La chaleur était… époustouflante. La première fois que je l'avais pris, j'avais l'impression d'avoir un feu dans mes veines, mais là, c'était un incendie qui n'avait presque rien de comparable. Mon âme entière tendait vers celle de Harry, et il m'était totalement impossible d'y résister. Je n'avais plus d'emprise sur rien, et seul mon Oméga était présent, me permettant de me raccrocher à lui, de ne pas me perdre. J'étais certes celui qui le clamais, il devenait mien, mais en contrepartie, Harry devenait mon encrage, mon point de d'accroche dans le monde sans lequel je ne pourrais rien être. Et cela ne me gênait plus le moindre du monde.

Brutalement, avec un coup de rein mieux placé que les autres, mon Oméga lâcha un cri qui se répercuta sur les murs de la chambre, et j'eus un grognement en attrapant fermement sa taille fine, laissant le bout de mes ongles s'enfoncer dans sa peau si douce et si brûlante. Je m'arrangeai pour taper à chaque fois dans la protubérance que je sentais, la martyrisant sans la moindre honte. Et, visiblement, je n'étais pas le seul à apprécier cela. Harry se tordait contre moi, semblant ne pas savoir réellement ou poser ses mains pour approfondir encore et encore le contact entre nos corps. Ses cheveux étaient humides, formant de petites boucles à leurs pointes et contre son front, laissant de légère traces de sueur. Le visage même de mon Oméga respirait la luxure et sa soumission.

Par Merlin. Je me penchai brutalement en faisant claquer nos bassins, et entrepris de mordre le cou de Harry encore un peu plus. Je cherchai ce point, celui qui me permettrait de clamer mon Oméga définitivement et complètement. Je ne savais même pas comment je pouvais en avoir connaissance, il ne me semblait pas en avoir lu quelque chose dessus – enfin, j'étais entièrement concentré sur le corps qui bougeait contre le mien, alors…

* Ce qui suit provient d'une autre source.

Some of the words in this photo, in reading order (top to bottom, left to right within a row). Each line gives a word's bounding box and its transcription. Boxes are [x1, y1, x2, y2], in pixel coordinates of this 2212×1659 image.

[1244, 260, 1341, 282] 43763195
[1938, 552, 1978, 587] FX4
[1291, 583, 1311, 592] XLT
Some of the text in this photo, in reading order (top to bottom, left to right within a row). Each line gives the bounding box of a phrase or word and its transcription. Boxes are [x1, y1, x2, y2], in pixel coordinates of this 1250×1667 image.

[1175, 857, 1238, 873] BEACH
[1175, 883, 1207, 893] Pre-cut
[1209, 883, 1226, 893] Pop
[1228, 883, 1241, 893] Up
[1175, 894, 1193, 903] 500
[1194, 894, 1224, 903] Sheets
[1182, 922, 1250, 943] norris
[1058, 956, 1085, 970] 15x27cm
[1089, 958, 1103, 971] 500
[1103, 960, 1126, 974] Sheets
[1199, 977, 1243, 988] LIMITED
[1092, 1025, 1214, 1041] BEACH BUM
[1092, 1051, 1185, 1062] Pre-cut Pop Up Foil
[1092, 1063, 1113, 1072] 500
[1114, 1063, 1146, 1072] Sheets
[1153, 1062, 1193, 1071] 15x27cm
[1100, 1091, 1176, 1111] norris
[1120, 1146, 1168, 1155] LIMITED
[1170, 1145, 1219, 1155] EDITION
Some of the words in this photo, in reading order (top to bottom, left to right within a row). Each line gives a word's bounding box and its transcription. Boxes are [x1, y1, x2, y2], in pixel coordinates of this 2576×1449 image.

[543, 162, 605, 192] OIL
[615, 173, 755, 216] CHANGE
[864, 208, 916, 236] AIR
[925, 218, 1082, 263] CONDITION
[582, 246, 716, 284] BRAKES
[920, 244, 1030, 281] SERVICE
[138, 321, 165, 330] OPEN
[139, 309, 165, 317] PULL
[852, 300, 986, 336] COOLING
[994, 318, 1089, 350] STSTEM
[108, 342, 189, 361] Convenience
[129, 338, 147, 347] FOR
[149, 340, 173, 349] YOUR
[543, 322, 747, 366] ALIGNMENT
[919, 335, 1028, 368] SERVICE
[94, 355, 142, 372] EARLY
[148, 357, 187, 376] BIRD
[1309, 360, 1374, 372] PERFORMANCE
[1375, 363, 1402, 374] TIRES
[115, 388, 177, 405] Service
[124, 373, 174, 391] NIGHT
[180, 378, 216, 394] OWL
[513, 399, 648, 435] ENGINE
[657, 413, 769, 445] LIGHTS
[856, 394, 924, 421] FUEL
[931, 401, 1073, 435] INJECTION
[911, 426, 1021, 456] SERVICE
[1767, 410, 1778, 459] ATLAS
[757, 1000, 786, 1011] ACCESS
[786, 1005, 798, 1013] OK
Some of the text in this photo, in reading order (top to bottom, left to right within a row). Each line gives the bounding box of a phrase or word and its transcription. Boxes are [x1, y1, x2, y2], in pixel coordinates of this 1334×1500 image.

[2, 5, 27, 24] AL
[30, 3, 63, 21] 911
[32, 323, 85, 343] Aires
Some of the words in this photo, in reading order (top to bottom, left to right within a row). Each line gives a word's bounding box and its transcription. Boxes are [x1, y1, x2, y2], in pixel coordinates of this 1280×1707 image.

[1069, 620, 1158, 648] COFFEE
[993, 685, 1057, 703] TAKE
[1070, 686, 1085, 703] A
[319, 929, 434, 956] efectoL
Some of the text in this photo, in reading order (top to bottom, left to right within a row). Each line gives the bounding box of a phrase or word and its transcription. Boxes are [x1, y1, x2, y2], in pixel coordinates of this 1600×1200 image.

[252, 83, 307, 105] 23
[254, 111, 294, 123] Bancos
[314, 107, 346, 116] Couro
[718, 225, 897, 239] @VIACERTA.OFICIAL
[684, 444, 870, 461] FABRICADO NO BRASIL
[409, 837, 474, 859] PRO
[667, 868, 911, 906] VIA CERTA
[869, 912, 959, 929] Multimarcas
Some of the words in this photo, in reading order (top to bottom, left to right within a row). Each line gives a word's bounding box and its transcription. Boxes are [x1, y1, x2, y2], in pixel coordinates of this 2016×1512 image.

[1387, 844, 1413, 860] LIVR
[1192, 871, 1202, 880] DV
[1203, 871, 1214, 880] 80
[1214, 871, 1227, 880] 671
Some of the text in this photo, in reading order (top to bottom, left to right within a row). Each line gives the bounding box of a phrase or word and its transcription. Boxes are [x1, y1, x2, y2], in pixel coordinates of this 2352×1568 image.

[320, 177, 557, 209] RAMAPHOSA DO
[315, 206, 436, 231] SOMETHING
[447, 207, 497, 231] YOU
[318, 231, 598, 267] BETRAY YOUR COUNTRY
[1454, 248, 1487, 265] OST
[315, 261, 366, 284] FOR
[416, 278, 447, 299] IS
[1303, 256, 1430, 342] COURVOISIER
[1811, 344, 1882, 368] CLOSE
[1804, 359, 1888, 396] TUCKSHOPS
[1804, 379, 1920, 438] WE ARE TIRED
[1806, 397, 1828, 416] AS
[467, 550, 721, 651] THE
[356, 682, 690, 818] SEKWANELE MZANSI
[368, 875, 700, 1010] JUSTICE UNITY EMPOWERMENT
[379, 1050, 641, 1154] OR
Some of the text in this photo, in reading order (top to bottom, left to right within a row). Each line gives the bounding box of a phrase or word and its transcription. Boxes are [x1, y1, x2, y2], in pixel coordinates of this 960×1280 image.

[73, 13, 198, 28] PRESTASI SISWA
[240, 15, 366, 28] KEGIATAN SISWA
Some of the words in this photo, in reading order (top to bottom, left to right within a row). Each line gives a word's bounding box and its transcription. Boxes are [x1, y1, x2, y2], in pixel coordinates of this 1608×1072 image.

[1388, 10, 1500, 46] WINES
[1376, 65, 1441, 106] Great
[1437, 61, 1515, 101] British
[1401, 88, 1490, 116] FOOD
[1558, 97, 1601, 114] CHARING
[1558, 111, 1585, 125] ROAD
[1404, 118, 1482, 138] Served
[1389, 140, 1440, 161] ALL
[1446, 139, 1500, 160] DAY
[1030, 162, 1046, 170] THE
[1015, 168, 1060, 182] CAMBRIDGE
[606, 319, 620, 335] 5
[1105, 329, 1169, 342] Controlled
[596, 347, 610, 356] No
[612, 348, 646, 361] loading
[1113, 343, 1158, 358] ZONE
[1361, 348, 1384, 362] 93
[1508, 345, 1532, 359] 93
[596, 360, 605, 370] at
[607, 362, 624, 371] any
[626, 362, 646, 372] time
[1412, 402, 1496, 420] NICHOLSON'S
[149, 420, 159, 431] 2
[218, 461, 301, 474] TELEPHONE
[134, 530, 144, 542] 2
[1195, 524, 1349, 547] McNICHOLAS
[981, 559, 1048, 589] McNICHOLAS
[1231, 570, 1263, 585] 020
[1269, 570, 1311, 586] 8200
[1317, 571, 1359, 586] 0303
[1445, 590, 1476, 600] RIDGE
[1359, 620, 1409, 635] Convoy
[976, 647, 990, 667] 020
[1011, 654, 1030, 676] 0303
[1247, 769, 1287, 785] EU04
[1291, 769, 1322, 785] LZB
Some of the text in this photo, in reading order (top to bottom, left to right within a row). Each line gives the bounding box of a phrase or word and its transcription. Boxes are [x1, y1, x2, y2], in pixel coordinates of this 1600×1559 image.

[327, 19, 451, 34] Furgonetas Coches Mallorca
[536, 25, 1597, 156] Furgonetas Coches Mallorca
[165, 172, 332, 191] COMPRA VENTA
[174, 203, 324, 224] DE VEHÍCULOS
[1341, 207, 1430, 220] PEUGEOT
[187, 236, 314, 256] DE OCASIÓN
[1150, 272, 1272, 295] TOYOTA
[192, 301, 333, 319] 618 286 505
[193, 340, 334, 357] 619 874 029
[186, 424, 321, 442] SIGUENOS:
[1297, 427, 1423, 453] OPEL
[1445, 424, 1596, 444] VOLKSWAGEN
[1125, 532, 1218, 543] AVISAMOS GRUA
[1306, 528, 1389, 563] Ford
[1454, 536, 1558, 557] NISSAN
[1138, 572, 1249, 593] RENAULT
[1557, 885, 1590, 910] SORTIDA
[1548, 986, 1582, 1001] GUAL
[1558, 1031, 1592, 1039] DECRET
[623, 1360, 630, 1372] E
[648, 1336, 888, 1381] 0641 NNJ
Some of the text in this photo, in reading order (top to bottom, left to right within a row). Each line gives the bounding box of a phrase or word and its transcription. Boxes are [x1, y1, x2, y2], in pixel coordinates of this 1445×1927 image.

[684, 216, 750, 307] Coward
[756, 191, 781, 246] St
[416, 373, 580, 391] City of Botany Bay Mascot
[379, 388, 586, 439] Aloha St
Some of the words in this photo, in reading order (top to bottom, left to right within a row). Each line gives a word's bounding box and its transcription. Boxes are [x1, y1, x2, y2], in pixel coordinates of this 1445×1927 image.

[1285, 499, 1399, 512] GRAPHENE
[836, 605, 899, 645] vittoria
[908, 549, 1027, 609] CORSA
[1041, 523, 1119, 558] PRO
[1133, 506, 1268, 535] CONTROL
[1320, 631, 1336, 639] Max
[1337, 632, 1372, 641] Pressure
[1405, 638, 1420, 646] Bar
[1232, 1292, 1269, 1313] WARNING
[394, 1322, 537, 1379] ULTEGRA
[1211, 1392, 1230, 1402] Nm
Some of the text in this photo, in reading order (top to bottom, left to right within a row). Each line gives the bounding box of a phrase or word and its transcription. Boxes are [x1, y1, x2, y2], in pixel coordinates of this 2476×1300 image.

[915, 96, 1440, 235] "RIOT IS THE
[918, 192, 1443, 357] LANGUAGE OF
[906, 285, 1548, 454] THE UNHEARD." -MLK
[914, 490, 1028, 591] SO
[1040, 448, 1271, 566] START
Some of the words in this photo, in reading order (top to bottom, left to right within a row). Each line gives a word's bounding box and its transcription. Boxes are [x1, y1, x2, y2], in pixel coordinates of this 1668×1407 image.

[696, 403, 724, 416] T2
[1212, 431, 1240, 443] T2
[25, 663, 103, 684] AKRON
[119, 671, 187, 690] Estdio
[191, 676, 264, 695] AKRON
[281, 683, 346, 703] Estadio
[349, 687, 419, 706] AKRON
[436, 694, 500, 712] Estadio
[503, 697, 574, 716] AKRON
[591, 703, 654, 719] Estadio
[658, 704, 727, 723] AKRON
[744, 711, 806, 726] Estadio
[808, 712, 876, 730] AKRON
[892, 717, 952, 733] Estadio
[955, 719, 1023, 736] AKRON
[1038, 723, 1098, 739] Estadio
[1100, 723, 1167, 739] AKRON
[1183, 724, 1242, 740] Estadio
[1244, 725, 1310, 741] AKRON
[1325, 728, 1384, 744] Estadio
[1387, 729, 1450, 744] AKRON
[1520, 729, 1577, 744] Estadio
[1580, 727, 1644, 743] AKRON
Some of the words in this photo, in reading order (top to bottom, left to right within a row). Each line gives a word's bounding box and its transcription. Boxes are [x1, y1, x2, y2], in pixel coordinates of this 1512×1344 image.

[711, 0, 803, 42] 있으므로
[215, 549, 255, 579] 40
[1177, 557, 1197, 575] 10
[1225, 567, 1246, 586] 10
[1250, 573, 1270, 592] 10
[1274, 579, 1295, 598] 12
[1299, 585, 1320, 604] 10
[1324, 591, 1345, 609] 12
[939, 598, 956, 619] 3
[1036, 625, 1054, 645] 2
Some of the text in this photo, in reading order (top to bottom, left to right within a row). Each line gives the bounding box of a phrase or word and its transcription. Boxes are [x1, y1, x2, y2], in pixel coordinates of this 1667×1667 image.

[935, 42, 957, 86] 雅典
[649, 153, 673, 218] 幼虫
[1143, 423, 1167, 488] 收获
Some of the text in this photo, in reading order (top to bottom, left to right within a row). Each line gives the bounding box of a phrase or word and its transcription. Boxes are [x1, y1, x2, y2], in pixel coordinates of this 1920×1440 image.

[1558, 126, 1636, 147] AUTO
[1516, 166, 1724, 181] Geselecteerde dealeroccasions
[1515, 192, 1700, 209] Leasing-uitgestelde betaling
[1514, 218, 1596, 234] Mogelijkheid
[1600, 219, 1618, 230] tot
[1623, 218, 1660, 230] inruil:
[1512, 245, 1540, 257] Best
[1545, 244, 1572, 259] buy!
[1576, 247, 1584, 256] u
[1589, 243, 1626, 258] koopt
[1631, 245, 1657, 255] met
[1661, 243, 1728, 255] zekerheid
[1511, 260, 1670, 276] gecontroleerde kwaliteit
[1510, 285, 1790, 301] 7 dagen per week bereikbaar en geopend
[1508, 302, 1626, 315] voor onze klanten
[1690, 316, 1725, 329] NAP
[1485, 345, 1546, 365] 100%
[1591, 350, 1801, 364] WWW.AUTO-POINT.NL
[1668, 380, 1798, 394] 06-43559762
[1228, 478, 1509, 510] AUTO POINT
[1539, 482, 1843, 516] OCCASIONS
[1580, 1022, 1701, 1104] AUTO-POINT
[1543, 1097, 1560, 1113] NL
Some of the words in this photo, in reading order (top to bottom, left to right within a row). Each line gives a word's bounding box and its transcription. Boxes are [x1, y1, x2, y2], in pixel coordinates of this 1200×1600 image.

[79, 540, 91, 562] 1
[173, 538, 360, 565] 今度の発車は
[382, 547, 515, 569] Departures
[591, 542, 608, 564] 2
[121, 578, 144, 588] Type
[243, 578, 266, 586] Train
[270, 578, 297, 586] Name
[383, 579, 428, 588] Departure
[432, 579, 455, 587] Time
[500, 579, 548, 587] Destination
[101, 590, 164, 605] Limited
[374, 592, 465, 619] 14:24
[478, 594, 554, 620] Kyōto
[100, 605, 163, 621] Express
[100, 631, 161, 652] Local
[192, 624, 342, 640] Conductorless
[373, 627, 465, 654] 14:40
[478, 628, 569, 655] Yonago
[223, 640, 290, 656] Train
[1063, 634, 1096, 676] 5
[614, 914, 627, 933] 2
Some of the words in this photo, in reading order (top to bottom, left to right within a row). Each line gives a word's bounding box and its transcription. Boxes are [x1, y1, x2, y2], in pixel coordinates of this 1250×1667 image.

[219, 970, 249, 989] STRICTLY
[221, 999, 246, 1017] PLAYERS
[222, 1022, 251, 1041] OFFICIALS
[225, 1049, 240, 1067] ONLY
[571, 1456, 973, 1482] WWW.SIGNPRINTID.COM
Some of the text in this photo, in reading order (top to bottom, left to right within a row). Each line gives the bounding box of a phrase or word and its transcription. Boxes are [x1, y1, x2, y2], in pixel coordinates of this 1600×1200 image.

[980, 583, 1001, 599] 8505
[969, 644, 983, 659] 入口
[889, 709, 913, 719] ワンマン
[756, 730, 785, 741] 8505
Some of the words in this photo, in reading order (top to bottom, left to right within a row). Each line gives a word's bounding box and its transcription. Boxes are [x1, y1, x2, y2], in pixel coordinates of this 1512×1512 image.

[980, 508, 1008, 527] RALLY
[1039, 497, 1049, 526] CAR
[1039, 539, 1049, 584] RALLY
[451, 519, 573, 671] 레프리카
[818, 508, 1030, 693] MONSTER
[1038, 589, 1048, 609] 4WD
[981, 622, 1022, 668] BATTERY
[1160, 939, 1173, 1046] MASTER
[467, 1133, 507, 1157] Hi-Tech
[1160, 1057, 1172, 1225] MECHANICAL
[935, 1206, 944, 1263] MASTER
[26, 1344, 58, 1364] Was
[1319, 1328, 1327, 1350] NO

En tout cas, quelques secondes plus tard, je le trouvai, là, juste au dessus son manubrium sternal, entre ses deux clavicules. Ici, son odeur était à la fois douce et puissante, bien plus entêtante que sur le reste de son corps, elle disait à la fois clames-moi maintenant et nous sommes à la maison, et des frissons incontrôlables me traversèrent alors que je respirai à pleins poumons. Lentement, je laissai ma langue caresser cette partie de sa peau, ne cessant pas pour autant mes coups de reins, et commençai à mordiller mon Oméga. Harry poussa un long gémissement alors que ses muscles se resserraient brutalement autour de moi, et je le sentis écarter encore plus ses cuisses avant qu'il n'enroule ses jambes autour de ma taille. La brusque frénésie qui m'avait envahie quelques minutes auparavant semblait avoir légèrement disparue, juste assez pour me donner l'impression de ne plus avoir l'esprit embrumé.

Désormais, je pouvais littéralement sentir chaque inspiration et chaque expiration du garçon, le moindre mouvement de ses bras, la plus petite ondulation qu'il faisait pour stimuler un peu plus sa prostate, et tous les frémissements qui parcouraient sa peau brûlante m'apparaissaient comme unique. En fait, c'était un peu comme si j'étais en capacité de différencier chacun des mouvements de mon Oméga, et la sensation était époustouflante et grisante. Il m'appartenait. Harry était mien. A moi. Je ne pensais pas un jour pouvoir me lasser de répéter cela.

- Tom… je – s'il te plaît – il faut que tu – j'ai besoin que – Tom !

Le pleurnichement de mon Oméga me fit sourire contre sa peau, et je n'hésitai pas un instant de plus avant de le mordre profondément, le clamant pour le restant de nos jours.